WHAT THE EXERCISE ASKS:
Once the line containing "this 1659×2212 image." is found, copy it and each subsequent line exactly. Stop at the end of the records below.

Items from a data source
Content starts
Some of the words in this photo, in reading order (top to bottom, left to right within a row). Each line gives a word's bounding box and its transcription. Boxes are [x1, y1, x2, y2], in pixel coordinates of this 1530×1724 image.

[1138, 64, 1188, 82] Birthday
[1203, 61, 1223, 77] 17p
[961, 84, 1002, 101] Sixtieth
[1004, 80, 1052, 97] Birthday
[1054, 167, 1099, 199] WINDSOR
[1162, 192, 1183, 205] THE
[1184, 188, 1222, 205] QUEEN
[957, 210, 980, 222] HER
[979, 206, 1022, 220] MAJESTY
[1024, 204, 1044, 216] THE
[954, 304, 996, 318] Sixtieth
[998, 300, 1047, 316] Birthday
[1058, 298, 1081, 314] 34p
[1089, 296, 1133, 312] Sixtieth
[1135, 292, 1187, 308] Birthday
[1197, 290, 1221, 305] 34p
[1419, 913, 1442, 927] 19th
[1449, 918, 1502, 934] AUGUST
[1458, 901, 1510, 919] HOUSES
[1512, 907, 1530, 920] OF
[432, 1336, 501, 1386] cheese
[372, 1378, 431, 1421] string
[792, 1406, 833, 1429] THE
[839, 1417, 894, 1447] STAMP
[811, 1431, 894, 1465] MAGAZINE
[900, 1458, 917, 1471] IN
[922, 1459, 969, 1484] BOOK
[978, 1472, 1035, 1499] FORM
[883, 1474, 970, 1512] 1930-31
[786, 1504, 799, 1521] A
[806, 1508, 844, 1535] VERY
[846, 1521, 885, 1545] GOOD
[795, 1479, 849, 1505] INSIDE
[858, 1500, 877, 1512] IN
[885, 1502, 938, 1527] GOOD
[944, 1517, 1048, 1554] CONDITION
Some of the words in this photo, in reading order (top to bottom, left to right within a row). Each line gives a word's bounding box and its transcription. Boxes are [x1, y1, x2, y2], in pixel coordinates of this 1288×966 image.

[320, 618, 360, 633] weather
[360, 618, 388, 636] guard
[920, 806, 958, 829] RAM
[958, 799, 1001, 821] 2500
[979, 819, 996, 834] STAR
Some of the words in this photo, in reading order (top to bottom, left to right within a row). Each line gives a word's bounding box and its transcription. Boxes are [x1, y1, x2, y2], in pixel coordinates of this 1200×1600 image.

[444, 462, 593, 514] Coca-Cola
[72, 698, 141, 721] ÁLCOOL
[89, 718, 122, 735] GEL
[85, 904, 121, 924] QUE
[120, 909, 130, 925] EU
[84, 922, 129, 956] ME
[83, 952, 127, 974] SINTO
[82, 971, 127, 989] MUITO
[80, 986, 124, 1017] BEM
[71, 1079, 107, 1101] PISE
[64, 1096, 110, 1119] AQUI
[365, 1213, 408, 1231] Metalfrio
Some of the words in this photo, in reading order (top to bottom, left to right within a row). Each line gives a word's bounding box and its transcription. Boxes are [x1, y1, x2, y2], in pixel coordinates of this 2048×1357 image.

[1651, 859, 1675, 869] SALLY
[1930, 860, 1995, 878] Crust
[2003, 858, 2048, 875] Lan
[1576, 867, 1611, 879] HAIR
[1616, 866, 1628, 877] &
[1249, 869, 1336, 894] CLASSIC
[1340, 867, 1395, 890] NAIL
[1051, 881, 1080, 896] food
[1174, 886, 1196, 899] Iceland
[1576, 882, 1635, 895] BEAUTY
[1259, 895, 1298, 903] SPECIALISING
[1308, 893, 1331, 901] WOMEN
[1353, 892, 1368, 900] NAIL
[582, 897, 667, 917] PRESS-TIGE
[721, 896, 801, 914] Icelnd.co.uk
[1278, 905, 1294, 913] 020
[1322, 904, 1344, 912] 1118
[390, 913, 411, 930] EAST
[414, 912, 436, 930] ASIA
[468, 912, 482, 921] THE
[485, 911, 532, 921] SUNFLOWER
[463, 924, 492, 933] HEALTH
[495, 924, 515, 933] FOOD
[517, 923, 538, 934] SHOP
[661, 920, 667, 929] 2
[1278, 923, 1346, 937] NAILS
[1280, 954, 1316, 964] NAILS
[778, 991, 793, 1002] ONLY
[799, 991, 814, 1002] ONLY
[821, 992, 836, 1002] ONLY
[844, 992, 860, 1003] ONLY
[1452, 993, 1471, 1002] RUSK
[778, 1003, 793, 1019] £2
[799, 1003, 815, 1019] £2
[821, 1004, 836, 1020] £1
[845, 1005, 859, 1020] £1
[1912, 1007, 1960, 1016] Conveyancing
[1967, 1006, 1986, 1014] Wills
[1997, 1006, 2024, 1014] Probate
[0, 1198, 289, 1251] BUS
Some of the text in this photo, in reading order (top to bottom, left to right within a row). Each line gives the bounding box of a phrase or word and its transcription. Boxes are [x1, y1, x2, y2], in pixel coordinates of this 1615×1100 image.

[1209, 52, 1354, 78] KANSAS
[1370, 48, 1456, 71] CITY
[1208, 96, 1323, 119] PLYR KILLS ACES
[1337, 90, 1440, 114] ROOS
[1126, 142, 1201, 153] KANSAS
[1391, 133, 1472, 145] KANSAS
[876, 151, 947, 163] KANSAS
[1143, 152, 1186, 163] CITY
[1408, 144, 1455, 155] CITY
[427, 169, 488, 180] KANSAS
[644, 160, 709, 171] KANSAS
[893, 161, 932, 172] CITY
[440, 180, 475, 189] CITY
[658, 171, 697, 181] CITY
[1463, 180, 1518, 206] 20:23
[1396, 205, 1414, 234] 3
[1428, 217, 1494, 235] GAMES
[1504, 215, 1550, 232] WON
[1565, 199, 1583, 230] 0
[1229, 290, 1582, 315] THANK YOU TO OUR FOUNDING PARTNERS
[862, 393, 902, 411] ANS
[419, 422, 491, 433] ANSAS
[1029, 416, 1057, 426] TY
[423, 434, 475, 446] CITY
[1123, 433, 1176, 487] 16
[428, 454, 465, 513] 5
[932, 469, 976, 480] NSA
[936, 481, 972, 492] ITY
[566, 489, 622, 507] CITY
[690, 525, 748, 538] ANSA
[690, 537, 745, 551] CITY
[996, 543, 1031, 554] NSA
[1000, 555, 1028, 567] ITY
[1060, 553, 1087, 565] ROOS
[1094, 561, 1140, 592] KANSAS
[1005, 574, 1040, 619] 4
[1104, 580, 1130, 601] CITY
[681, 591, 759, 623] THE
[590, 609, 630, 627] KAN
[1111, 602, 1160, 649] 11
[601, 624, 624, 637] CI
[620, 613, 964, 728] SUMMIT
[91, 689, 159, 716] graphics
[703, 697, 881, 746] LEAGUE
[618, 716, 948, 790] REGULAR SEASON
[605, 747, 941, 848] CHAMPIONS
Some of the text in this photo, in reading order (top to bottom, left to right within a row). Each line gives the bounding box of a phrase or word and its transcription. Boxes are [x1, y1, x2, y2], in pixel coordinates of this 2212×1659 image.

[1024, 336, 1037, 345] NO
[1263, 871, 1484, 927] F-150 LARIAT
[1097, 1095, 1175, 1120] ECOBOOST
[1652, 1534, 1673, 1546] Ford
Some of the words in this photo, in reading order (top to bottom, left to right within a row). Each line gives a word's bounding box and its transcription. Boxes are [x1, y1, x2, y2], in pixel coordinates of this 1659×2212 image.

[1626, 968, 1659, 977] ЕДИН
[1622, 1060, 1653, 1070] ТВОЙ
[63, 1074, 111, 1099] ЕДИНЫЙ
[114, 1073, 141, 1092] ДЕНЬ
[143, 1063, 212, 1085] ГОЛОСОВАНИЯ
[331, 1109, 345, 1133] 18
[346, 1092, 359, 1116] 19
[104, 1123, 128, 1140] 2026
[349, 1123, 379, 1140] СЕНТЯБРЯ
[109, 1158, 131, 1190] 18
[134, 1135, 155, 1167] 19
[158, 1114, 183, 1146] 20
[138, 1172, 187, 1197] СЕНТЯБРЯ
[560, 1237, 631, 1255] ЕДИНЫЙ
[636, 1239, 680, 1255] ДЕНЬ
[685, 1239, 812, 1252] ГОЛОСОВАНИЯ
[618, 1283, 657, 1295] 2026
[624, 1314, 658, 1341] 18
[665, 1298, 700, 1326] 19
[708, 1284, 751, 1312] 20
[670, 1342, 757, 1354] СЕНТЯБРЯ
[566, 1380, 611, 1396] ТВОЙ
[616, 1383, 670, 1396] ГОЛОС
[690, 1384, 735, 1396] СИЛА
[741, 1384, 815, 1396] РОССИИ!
Content ends
FINISHED TASK:
Some of the words in this photo, in reading order (top to bottom, left to right within a row). Each line gives a word's bounding box and its transcription. Boxes are [x1, y1, x2, y2], in pixel coordinates of this 1659×2212 image.

[1626, 968, 1659, 977] ЕДИН
[1622, 1060, 1653, 1070] ТВОЙ
[63, 1074, 111, 1099] ЕДИНЫЙ
[114, 1073, 141, 1092] ДЕНЬ
[143, 1063, 212, 1085] ГОЛОСОВАНИЯ
[331, 1109, 345, 1133] 18
[346, 1092, 359, 1116] 19
[104, 1123, 128, 1140] 2026
[349, 1123, 379, 1140] СЕНТЯБРЯ
[109, 1158, 131, 1190] 18
[134, 1135, 155, 1167] 19
[158, 1114, 183, 1146] 20
[138, 1172, 187, 1197] СЕНТЯБРЯ
[560, 1237, 631, 1255] ЕДИНЫЙ
[636, 1239, 680, 1255] ДЕНЬ
[685, 1239, 812, 1252] ГОЛОСОВАНИЯ
[618, 1283, 657, 1295] 2026
[624, 1314, 658, 1341] 18
[665, 1298, 700, 1326] 19
[708, 1284, 751, 1312] 20
[670, 1342, 757, 1354] СЕНТЯБРЯ
[566, 1380, 611, 1396] ТВОЙ
[616, 1383, 670, 1396] ГОЛОС
[690, 1384, 735, 1396] СИЛА
[741, 1384, 815, 1396] РОССИИ!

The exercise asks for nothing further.